Filed under Aviation, Bomber Command, History, Personal

21 responses to “The Hendon Lancaster 137 not out

  1. That is totally amazing.

    • Thank you. You are very kind. I’m sure that a great many Aussies would have been involved in flying all those missions!

      • My first boss was a pathfinder pilot. The only damage he ever suffered was a loss of a finger when a German Fighter shot at him. It went right through the cockpit and hit the joystick and blew his finger off. He was the best boss I ever had in 50 years of working. I don’t know his full name. I just knew him as Mr Cook of Russell, Kennedy & Cook Solicitors, 401 Collins Street Melbourne

  2. I would like to visit that museum some day. We will be visiting the U.S. Air and Space Museum at Wright-Patterson Air Force Base in Dayton, Ohio, this summer. We have been there before and it is amazing just like the RAF Museum.

    • You are absolutely right. It must be a fantastic museum.Make sure you take plenty of memory cards!

      • I have a 64GB in the camera and a 32GB spare. That gets me about 9000 images. It will be close! My bigger problem is batteries, my camera is a hog. I will probably take three and have a charger ready in the car!

  3. Not only a great post, John, but i think it’s terrific they put names on the engines!

  4. atcDave

    Thanks for this post! Some excellent pictures of a true classic.

  5. The aircraft was used as gate guard at Scampton for a while and
    Sat with a live cookie. It was only realised when they came to move it. The error went unnoticed for a long time. It’s a great museum and a beautiful aircraft.

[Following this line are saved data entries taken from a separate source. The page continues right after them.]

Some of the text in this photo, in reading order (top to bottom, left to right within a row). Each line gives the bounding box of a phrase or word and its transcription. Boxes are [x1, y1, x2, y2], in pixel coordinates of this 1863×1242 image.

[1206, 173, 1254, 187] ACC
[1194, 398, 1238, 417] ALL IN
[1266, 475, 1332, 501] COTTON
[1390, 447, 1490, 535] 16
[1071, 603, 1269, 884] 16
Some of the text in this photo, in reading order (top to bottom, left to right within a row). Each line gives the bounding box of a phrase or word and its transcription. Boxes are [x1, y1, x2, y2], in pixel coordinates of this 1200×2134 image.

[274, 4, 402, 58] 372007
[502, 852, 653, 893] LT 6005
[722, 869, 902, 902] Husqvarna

    • Wow! A bomb like that going off would have certainly caught people’s attention. Apparently a Lancaster with a full bomb load blew up at Elsham once, and they heard it in Grimsby some 22 miles ,away.

  6. Wow, amazing pictures. They look like a work of art and how sad that they used for destruction.

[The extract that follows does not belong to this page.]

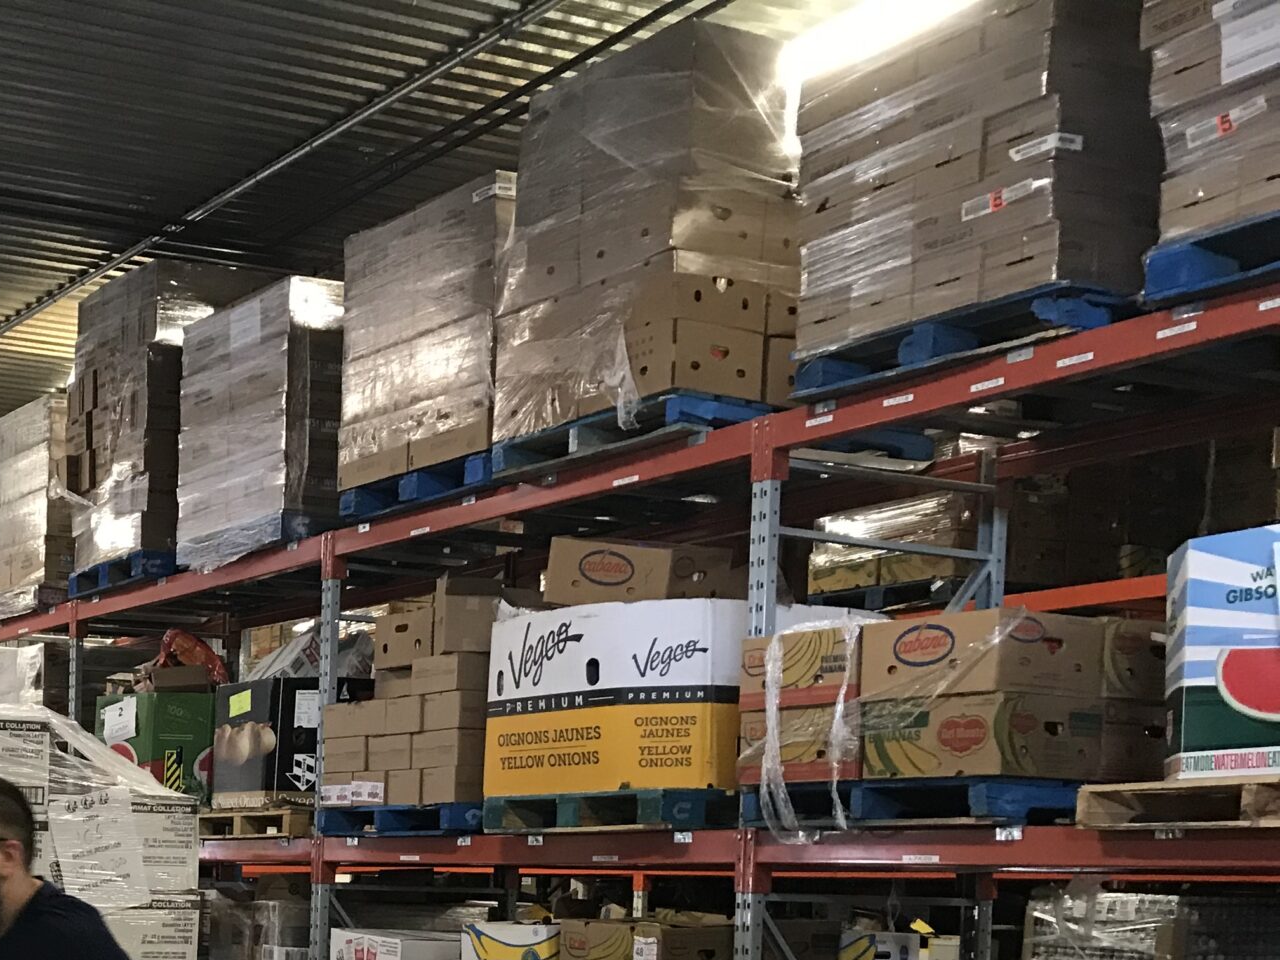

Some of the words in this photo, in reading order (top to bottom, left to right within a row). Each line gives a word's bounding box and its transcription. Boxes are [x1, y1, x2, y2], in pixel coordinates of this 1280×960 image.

    • Nobody has ever said that before to my knowledge but, of course, you are absolutely right. On the other hand, the enemy it was fighting was a particularly horrible and vindictive one, so I suppose that that terrible beauty was being used for a good purpose.

  7. Chris Waller

    One thing that has always puzzled me. Did a bomber (and for that matter a fighter) carry the battery for starting the engine? It seemed to me that the battery necessary to turn over a 27-litre Merlin would be enormously heavy and not what one would want on board an aircraft, where weight was at a premium. That said, if the engine cut out in flight, how was it restarted? Or was the force of the air acting on the propeller sufficient to turn the engine over?

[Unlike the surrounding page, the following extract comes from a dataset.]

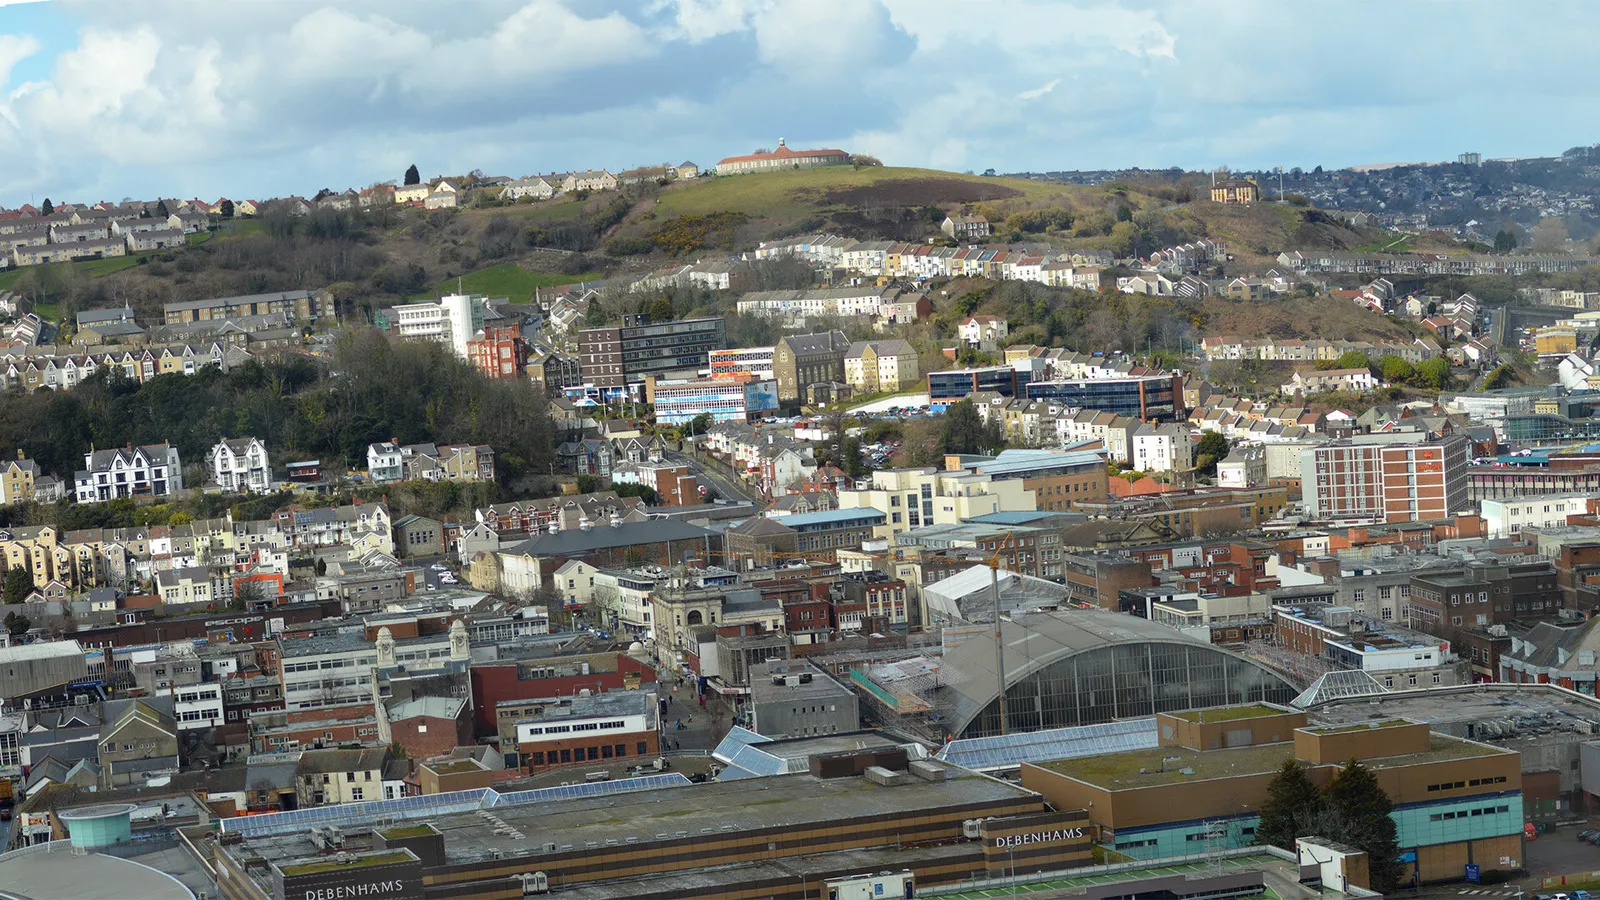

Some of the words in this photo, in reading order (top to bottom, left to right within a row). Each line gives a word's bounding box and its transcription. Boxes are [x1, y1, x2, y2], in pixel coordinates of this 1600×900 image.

[205, 616, 264, 626] escape
[996, 827, 1084, 848] DEBENHAMS
[305, 880, 403, 900] DEBENHAMS

    • Hi Chris! When we went to East Kirkby to see Just Jane, a Lancaster that can taxi rather than fly, they started the engines more or less like a car. A mechanic stood in front of the aircraft and signalled to the pilot, who then presumably pressed a button inside the cockpit and started the engines. There was a fixed sequence to it, but I’ve forgotten exactly what it was. There certainly was nothing special to the process that we saw, except the unbelievable power of the backwash which blew branches on trees fifty and a hundred yards away quite noticeably. If the engine cut in flight, I believe the first thing they did was to “feather” it, which means to position the blades so that they didn’t windmill round and cause excessive drag. I suppose if they thought that they could restart the engine, they would unfeather it and press the starting button.

  8. Hendon is a wonderful place to visit. Enjoyed your detail on the Lanc!